#### Your instructions:
Would you write out all of the records that follow, exactly as they stand?

Extracted data entries
□ □ □ □

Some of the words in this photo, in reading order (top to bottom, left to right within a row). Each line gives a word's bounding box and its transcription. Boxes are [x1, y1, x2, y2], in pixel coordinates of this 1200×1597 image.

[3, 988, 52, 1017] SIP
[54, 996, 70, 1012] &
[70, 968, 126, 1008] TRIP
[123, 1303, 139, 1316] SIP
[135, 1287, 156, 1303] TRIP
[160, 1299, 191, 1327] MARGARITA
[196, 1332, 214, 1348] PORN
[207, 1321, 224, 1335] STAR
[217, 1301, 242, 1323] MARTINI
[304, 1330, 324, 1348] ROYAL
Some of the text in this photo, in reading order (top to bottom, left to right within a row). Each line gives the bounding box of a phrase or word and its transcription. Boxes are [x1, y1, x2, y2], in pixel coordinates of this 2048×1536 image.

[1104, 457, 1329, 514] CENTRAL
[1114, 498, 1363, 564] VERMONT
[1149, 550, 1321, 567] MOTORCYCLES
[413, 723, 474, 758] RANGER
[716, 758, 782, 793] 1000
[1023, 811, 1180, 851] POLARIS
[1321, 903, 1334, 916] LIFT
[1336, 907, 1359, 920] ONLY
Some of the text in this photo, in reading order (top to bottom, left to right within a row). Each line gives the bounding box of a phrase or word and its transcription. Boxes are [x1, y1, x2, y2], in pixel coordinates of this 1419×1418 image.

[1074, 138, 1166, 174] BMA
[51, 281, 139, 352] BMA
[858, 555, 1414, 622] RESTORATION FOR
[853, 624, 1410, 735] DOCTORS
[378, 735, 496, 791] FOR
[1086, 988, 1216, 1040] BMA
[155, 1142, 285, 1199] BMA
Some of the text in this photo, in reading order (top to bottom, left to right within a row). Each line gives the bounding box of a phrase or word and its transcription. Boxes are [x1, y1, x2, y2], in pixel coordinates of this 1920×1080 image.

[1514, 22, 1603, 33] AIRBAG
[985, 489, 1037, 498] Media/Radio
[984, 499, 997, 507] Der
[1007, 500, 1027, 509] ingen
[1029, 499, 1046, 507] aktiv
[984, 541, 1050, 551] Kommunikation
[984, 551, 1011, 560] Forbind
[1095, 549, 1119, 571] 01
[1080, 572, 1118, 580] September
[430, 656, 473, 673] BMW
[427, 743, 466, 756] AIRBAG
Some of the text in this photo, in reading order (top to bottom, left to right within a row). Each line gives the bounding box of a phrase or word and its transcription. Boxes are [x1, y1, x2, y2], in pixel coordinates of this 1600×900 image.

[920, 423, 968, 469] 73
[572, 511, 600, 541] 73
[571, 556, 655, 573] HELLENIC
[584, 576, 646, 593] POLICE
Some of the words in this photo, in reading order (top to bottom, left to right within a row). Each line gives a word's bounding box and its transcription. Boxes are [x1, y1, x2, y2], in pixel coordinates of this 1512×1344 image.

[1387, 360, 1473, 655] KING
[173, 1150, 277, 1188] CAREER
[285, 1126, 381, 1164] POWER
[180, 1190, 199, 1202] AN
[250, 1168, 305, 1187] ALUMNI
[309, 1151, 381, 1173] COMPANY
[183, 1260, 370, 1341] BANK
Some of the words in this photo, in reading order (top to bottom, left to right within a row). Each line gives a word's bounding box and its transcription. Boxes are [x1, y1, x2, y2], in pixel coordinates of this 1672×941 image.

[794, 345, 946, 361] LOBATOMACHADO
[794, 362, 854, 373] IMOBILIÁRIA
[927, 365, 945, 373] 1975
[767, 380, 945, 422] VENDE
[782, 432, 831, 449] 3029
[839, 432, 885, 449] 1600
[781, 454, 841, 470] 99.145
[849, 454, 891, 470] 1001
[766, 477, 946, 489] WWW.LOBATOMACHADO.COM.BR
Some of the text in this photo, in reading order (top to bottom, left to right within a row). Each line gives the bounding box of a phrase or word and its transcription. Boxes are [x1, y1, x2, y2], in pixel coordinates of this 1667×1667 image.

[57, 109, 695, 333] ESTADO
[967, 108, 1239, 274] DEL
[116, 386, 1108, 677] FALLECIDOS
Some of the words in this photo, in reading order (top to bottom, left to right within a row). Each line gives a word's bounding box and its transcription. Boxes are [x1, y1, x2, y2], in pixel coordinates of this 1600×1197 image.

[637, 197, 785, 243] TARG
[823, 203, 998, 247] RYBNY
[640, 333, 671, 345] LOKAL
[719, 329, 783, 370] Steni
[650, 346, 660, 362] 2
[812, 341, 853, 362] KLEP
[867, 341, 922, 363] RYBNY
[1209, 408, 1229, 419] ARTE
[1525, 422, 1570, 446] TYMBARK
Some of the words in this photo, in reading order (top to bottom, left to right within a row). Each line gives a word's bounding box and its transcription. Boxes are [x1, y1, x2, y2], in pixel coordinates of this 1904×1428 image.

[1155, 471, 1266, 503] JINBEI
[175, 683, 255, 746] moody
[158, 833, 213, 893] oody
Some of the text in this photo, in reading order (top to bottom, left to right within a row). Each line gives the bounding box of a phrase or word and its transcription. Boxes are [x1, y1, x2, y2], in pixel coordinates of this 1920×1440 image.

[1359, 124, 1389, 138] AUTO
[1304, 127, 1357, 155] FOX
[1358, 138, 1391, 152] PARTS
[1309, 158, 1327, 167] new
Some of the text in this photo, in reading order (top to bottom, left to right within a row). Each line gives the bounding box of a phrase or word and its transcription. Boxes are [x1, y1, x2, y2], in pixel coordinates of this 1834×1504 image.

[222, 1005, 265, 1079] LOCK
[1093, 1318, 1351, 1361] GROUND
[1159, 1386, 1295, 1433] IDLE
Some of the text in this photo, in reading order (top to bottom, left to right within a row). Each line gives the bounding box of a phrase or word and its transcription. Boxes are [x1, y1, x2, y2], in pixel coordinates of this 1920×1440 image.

□ □ □ □

#### Response:
Some of the words in this photo, in reading order (top to bottom, left to right within a row). Each line gives a word's bounding box and its transcription. Boxes are [x1, y1, x2, y2], in pixel coordinates of this 1200×1597 image.

[3, 988, 52, 1017] SIP
[54, 996, 70, 1012] &
[70, 968, 126, 1008] TRIP
[123, 1303, 139, 1316] SIP
[135, 1287, 156, 1303] TRIP
[160, 1299, 191, 1327] MARGARITA
[196, 1332, 214, 1348] PORN
[207, 1321, 224, 1335] STAR
[217, 1301, 242, 1323] MARTINI
[304, 1330, 324, 1348] ROYAL
Some of the text in this photo, in reading order (top to bottom, left to right within a row). Each line gives the bounding box of a phrase or word and its transcription. Boxes are [x1, y1, x2, y2], in pixel coordinates of this 2048×1536 image.

[1104, 457, 1329, 514] CENTRAL
[1114, 498, 1363, 564] VERMONT
[1149, 550, 1321, 567] MOTORCYCLES
[413, 723, 474, 758] RANGER
[716, 758, 782, 793] 1000
[1023, 811, 1180, 851] POLARIS
[1321, 903, 1334, 916] LIFT
[1336, 907, 1359, 920] ONLY
Some of the text in this photo, in reading order (top to bottom, left to right within a row). Each line gives the bounding box of a phrase or word and its transcription. Boxes are [x1, y1, x2, y2], in pixel coordinates of this 1419×1418 image.

[1074, 138, 1166, 174] BMA
[51, 281, 139, 352] BMA
[858, 555, 1414, 622] RESTORATION FOR
[853, 624, 1410, 735] DOCTORS
[378, 735, 496, 791] FOR
[1086, 988, 1216, 1040] BMA
[155, 1142, 285, 1199] BMA
Some of the text in this photo, in reading order (top to bottom, left to right within a row). Each line gives the bounding box of a phrase or word and its transcription. Boxes are [x1, y1, x2, y2], in pixel coordinates of this 1920×1080 image.

[1514, 22, 1603, 33] AIRBAG
[985, 489, 1037, 498] Media/Radio
[984, 499, 997, 507] Der
[1007, 500, 1027, 509] ingen
[1029, 499, 1046, 507] aktiv
[984, 541, 1050, 551] Kommunikation
[984, 551, 1011, 560] Forbind
[1095, 549, 1119, 571] 01
[1080, 572, 1118, 580] September
[430, 656, 473, 673] BMW
[427, 743, 466, 756] AIRBAG
Some of the text in this photo, in reading order (top to bottom, left to right within a row). Each line gives the bounding box of a phrase or word and its transcription. Boxes are [x1, y1, x2, y2], in pixel coordinates of this 1600×900 image.

[920, 423, 968, 469] 73
[572, 511, 600, 541] 73
[571, 556, 655, 573] HELLENIC
[584, 576, 646, 593] POLICE
Some of the words in this photo, in reading order (top to bottom, left to right within a row). Each line gives a word's bounding box and its transcription. Boxes are [x1, y1, x2, y2], in pixel coordinates of this 1512×1344 image.

[1387, 360, 1473, 655] KING
[173, 1150, 277, 1188] CAREER
[285, 1126, 381, 1164] POWER
[180, 1190, 199, 1202] AN
[250, 1168, 305, 1187] ALUMNI
[309, 1151, 381, 1173] COMPANY
[183, 1260, 370, 1341] BANK
Some of the words in this photo, in reading order (top to bottom, left to right within a row). Each line gives a word's bounding box and its transcription. Boxes are [x1, y1, x2, y2], in pixel coordinates of this 1672×941 image.

[794, 345, 946, 361] LOBATOMACHADO
[794, 362, 854, 373] IMOBILIÁRIA
[927, 365, 945, 373] 1975
[767, 380, 945, 422] VENDE
[782, 432, 831, 449] 3029
[839, 432, 885, 449] 1600
[781, 454, 841, 470] 99.145
[849, 454, 891, 470] 1001
[766, 477, 946, 489] WWW.LOBATOMACHADO.COM.BR
Some of the text in this photo, in reading order (top to bottom, left to right within a row). Each line gives the bounding box of a phrase or word and its transcription. Boxes are [x1, y1, x2, y2], in pixel coordinates of this 1667×1667 image.

[57, 109, 695, 333] ESTADO
[967, 108, 1239, 274] DEL
[116, 386, 1108, 677] FALLECIDOS
Some of the words in this photo, in reading order (top to bottom, left to right within a row). Each line gives a word's bounding box and its transcription. Boxes are [x1, y1, x2, y2], in pixel coordinates of this 1600×1197 image.

[637, 197, 785, 243] TARG
[823, 203, 998, 247] RYBNY
[640, 333, 671, 345] LOKAL
[719, 329, 783, 370] Steni
[650, 346, 660, 362] 2
[812, 341, 853, 362] KLEP
[867, 341, 922, 363] RYBNY
[1209, 408, 1229, 419] ARTE
[1525, 422, 1570, 446] TYMBARK
Some of the words in this photo, in reading order (top to bottom, left to right within a row). Each line gives a word's bounding box and its transcription. Boxes are [x1, y1, x2, y2], in pixel coordinates of this 1904×1428 image.

[1155, 471, 1266, 503] JINBEI
[175, 683, 255, 746] moody
[158, 833, 213, 893] oody
Some of the text in this photo, in reading order (top to bottom, left to right within a row). Each line gives the bounding box of a phrase or word and its transcription. Boxes are [x1, y1, x2, y2], in pixel coordinates of this 1920×1440 image.

[1359, 124, 1389, 138] AUTO
[1304, 127, 1357, 155] FOX
[1358, 138, 1391, 152] PARTS
[1309, 158, 1327, 167] new
Some of the text in this photo, in reading order (top to bottom, left to right within a row). Each line gives the bounding box of a phrase or word and its transcription. Boxes are [x1, y1, x2, y2], in pixel coordinates of this 1834×1504 image.

[222, 1005, 265, 1079] LOCK
[1093, 1318, 1351, 1361] GROUND
[1159, 1386, 1295, 1433] IDLE
Some of the text in this photo, in reading order (top to bottom, left to right within a row). Each line gives the bounding box of a phrase or word and its transcription. Boxes are [x1, y1, x2, y2], in pixel coordinates of this 1920×1440 image.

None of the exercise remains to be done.